- **REQUIRED ACTION**: Send back the records exactly as written, with no images.

- **DATA TO EXAMINE**:
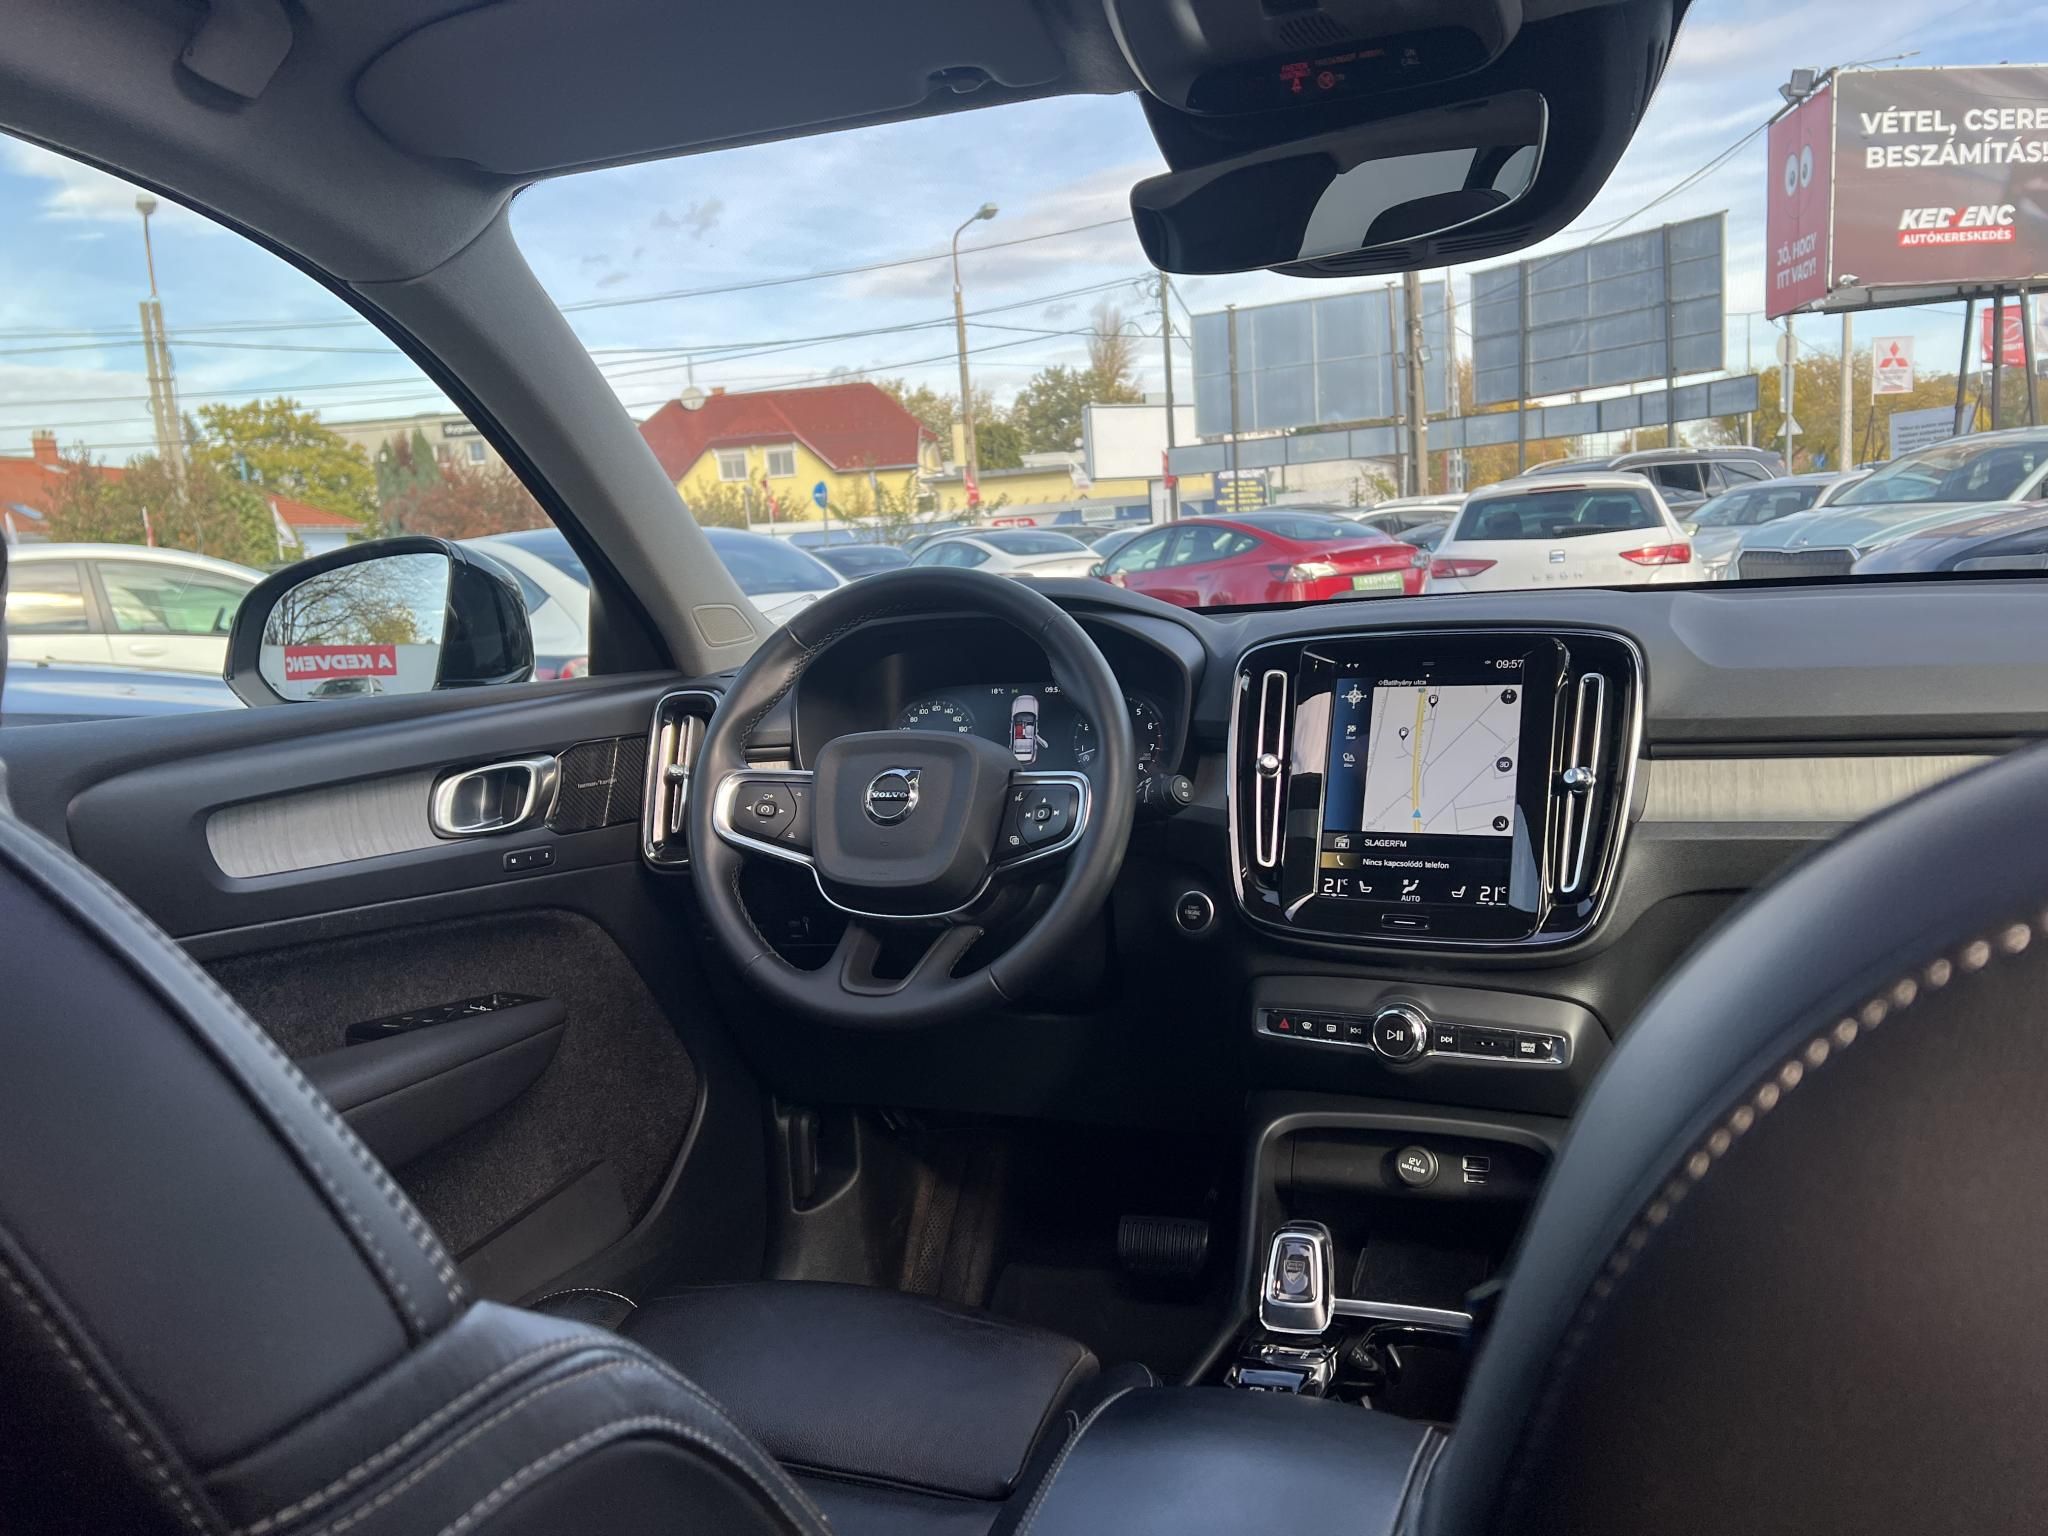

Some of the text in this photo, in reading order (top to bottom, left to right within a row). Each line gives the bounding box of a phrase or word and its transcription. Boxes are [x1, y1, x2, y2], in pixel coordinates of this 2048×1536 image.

[1860, 106, 2048, 136] VÉTEL, CSERE
[1866, 136, 2048, 168] BESZÁMÍTÁS!
[1902, 228, 2013, 244] AUTÓKERESKEDÉS
[1792, 231, 1817, 260] HOGY
[1777, 256, 1817, 289] ITT VAGY!
[1495, 659, 1524, 669] 09:57
[1136, 708, 1142, 716] 5
[1147, 722, 1153, 730] 6
[1149, 743, 1155, 751] 7
[1499, 761, 1510, 769] 3D
[1364, 839, 1407, 848] SLAGERFM
[1362, 858, 1450, 870] Nincs kapcsolódó telefon
[1401, 895, 1421, 903] AUTO

- **RESPONSE BELOW**:
Some of the text in this photo, in reading order (top to bottom, left to right within a row). Each line gives the bounding box of a phrase or word and its transcription. Boxes are [x1, y1, x2, y2], in pixel coordinates of this 2048×1536 image.

[1860, 106, 2048, 136] VÉTEL, CSERE
[1866, 136, 2048, 168] BESZÁMÍTÁS!
[1902, 228, 2013, 244] AUTÓKERESKEDÉS
[1792, 231, 1817, 260] HOGY
[1777, 256, 1817, 289] ITT VAGY!
[1495, 659, 1524, 669] 09:57
[1136, 708, 1142, 716] 5
[1147, 722, 1153, 730] 6
[1149, 743, 1155, 751] 7
[1499, 761, 1510, 769] 3D
[1364, 839, 1407, 848] SLAGERFM
[1362, 858, 1450, 870] Nincs kapcsolódó telefon
[1401, 895, 1421, 903] AUTO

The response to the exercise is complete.